After the opening sequence, the camera comes to rest on a mailman cheerily greeting each family while making his rounds. At the Mayers’ house, a black woman answers the door and is mistaken for a maid. When the mailman learns she is the lady of the house, he blanches, whispering at the next door, “Have you met your new neighbors?”
A meeting is convened among Suburbicon’s outraged white men who ironically “demand our civil rights to live where we want and with who we want. And with God’s help, we will overcome.” As the harassment begins, viewers familiar with Clooney the liberal activist might assume they are in for an astute satire of a seminal event in the civil rights movement that parallels our own racially fraught era. They would be wrong.
Most any Coen brothers screenplay, regardless of its tone and setting, is essentially film noir, and “Suburbicon” neatly fits the mold. It is not an astute study of a seminal event but an examination that finds nothing new in the hypocritical underbelly of the mostly Caucasian fantasy of postwar America. In a harsher review, Clooney and company might be accused of appropriating the African-American struggle to bring gravitas to an otherwise unrelated, though thoroughly enjoyable, plot centered on Gardner Lodge (Matt Damon) and his family, including his wheelchair-bound wife, Rose (Julianne Moore); her twin sister, Margaret (also Moore); and their little boy, Nicky (Noah Jupe).
When the family falls victim to a home invasion, Rose succumbs to an overdose of chloroform administered by a pair of typically Coen-esque characters, buffoonish and menacing criminals (Glenn Fleshler and Alex Hassell). Clooney’s canny directorial eye distinguishes the sequence by employing the conventions of the period—off-angle, static, single cuts building over Alexandre Desplat’s orchestrated dissonant strains. The score is one of the composer’s most accomplished efforts, even if there is too much of it.
Production designer James Bissell, nominated for “Good Night, and Good Luck,” adopts an appropriate mid-century aesthetic that Jenny Eagan accents with costumes derived from movies and ads of the era. The effect, though deliberately museum-like, is sumptuous.
Newcomer Noah Jupe, 13, has been blazing a path through television over the past two years and has no fewer than five movies coming out through 2018. He is the hero of “Suburbicon”: vulnerable, incorruptible and blessed with a natural curiosity that uncovers his father and aunt’s criminal plot, one that’s telegraphed a little too vividly.

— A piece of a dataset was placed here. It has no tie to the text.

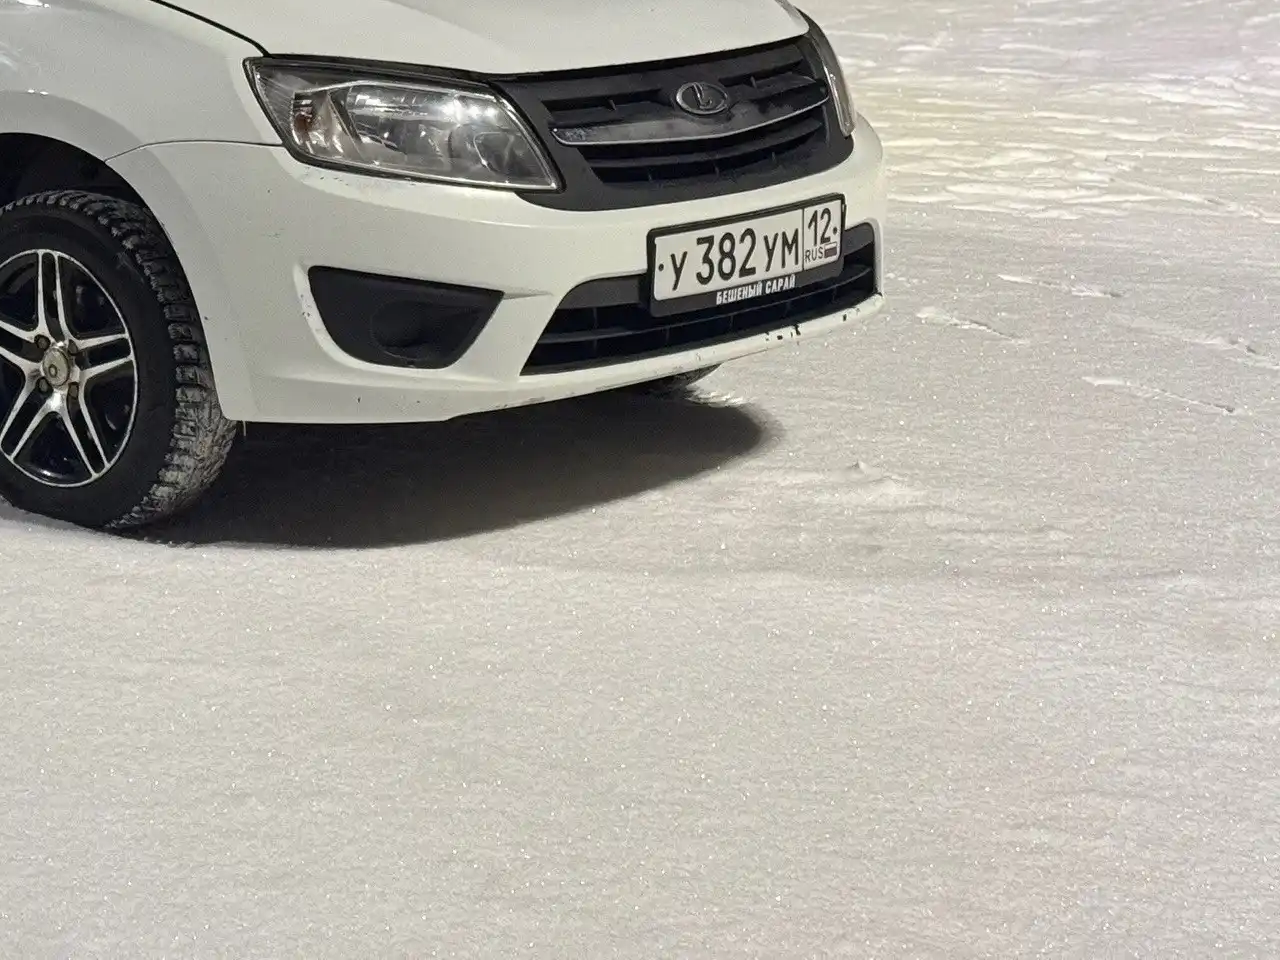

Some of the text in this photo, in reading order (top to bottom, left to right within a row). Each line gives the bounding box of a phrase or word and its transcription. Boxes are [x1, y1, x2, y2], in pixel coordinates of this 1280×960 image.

As part of the grieving process, Lodge welcomes Aunt Margaret to come live with them. The murder-for-love-and-insurance-money scheme perfected by James M. Cain and turned into movies like “Double Indemnity” and “The Postman Always Rings Twice” is a hoary, old noir chestnut, so Clooney and company wisely emphasize the how of it rather than plot machinations.

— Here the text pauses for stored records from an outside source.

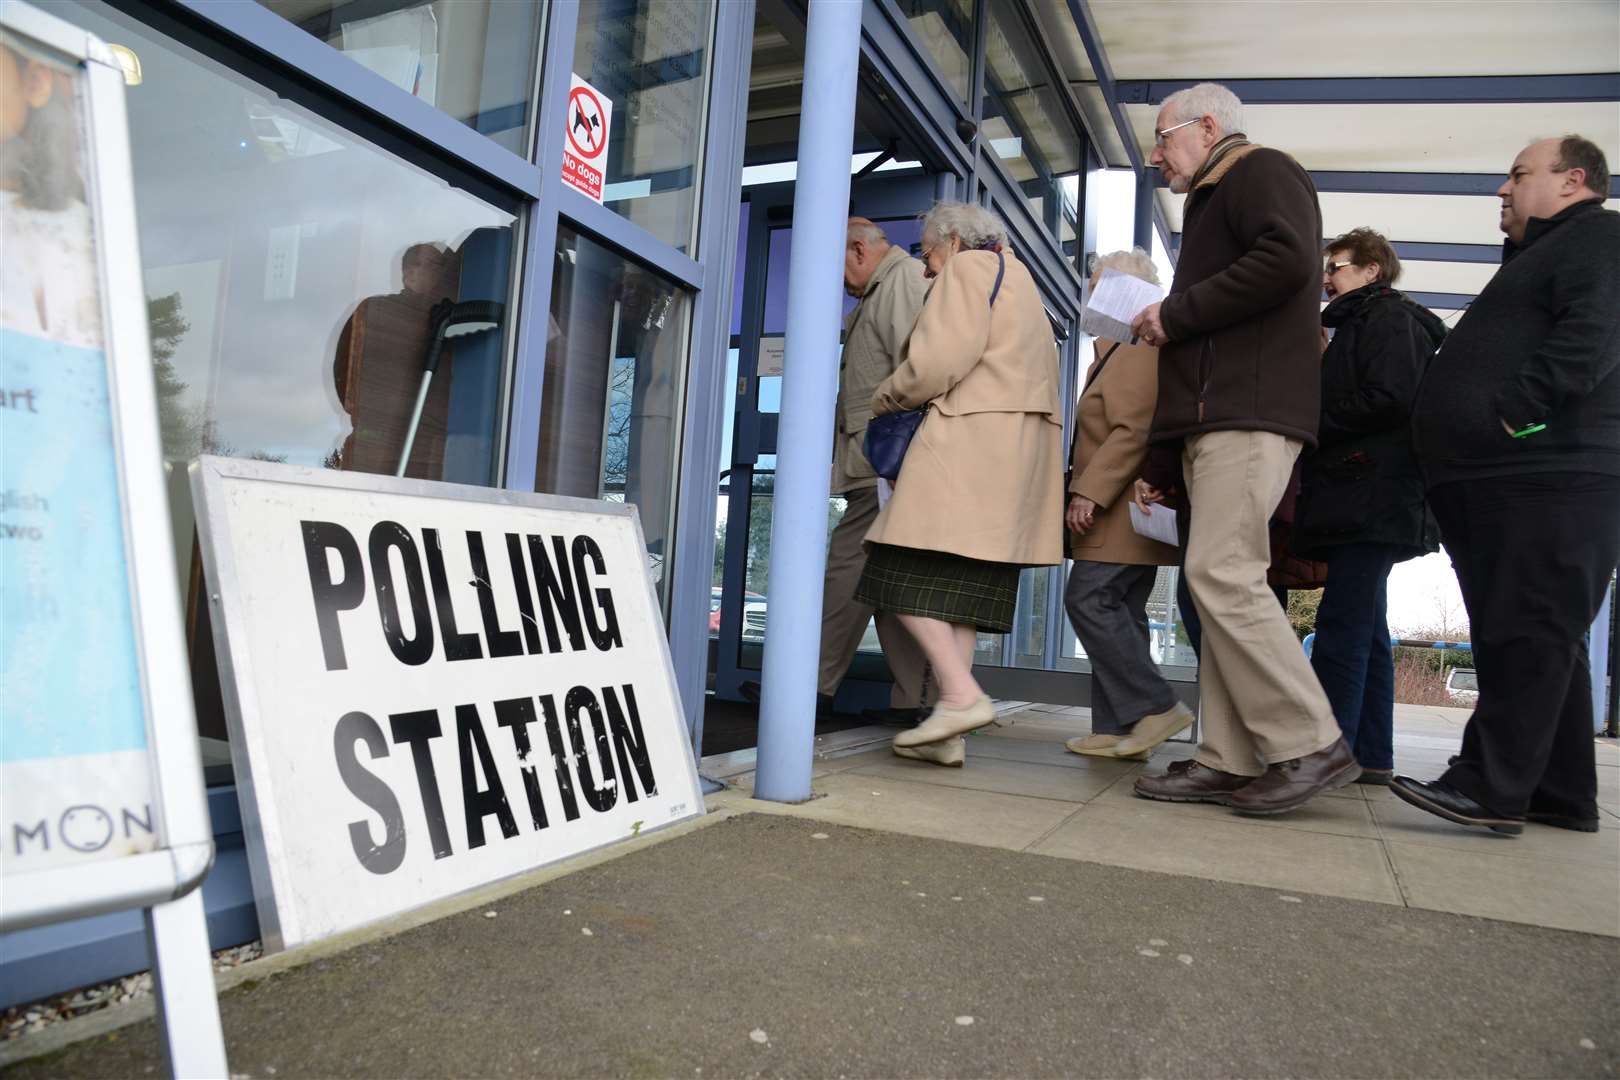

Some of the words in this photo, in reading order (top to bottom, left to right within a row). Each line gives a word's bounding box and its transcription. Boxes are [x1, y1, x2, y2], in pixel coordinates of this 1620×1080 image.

[562, 151, 576, 170] No
[577, 163, 600, 185] dogs
[589, 186, 600, 198] dogs
[300, 520, 623, 671] POLLING
[334, 685, 658, 874] STATION

And, oh yeah, racism. Nicky befriends Andy Mayers (Tony Espinosa), the besieged boy next door, and we are subjected again to images of the angry white mob lashing out as the family maintains a dignified silence.
And now back again to murder and mayhem at Nicky’s house.
Transitions occur that abruptly.
Even worse, the two stories do not cross over at any point. This is the movie’s biggest failing.
Luckily, it’s not enough to torpedo Clooney’s entertaining thriller that features another committed performance from a double-chinned Damon, who internalizes a not-fully-convincing transition from sociopath to blood-soaked killer. Nevertheless, the effect is visceral, mostly in the early going when he’s not pedaling a tricycle away from an exploding vehicle.
Yes, there are occasional tonal issues, another minor shortcoming in the face of many strengths—like Moore’s chirpy and likewise ethically challenged Margaret. An Oscar winner and frequent Todd Haynes collaborator, Moore seems incapable of a false move, regardless of the caliber of the movie around her.
Yet even Oscar Isaac upstages her, when he stops in for two scenes as an insurance claims investigator who can smell a rat in a rose garden. The writing, directing and acting in this lengthy exchange is one of the movie’s high points. Visually, only watching Nicky trapped under the bed with a knife-wielding attacker coming for him outdoes it. The scene is a primal childhood nightmare made real by cinematographer Robert Elswit’s evocative compositions and Stephen Mirrione’s precisely timed edits.
Throughout his directing career, Clooney has taken a stab at various classical genres. “Leatherheads” is his attempt at a Gable-and-Lombard screwball comedy; “Good Night, and Good Luck,” his 1950s political thriller; “The Monuments Men,” a World War II picture, albeit one where hard-charging infantryman are traded for helmeted art nerds facing off against Nazis. They seem to be part of his process—learning the language of each genre to learn the language of all.
His stab at film noir, “Suburbicon,” is not cinematically earth shattering, and it won’t inspire conversation on race relations. Hell, it won’t even inspire conversations on family relations. But when it works, it’s outstanding. And when it doesn’t, it’s good enough.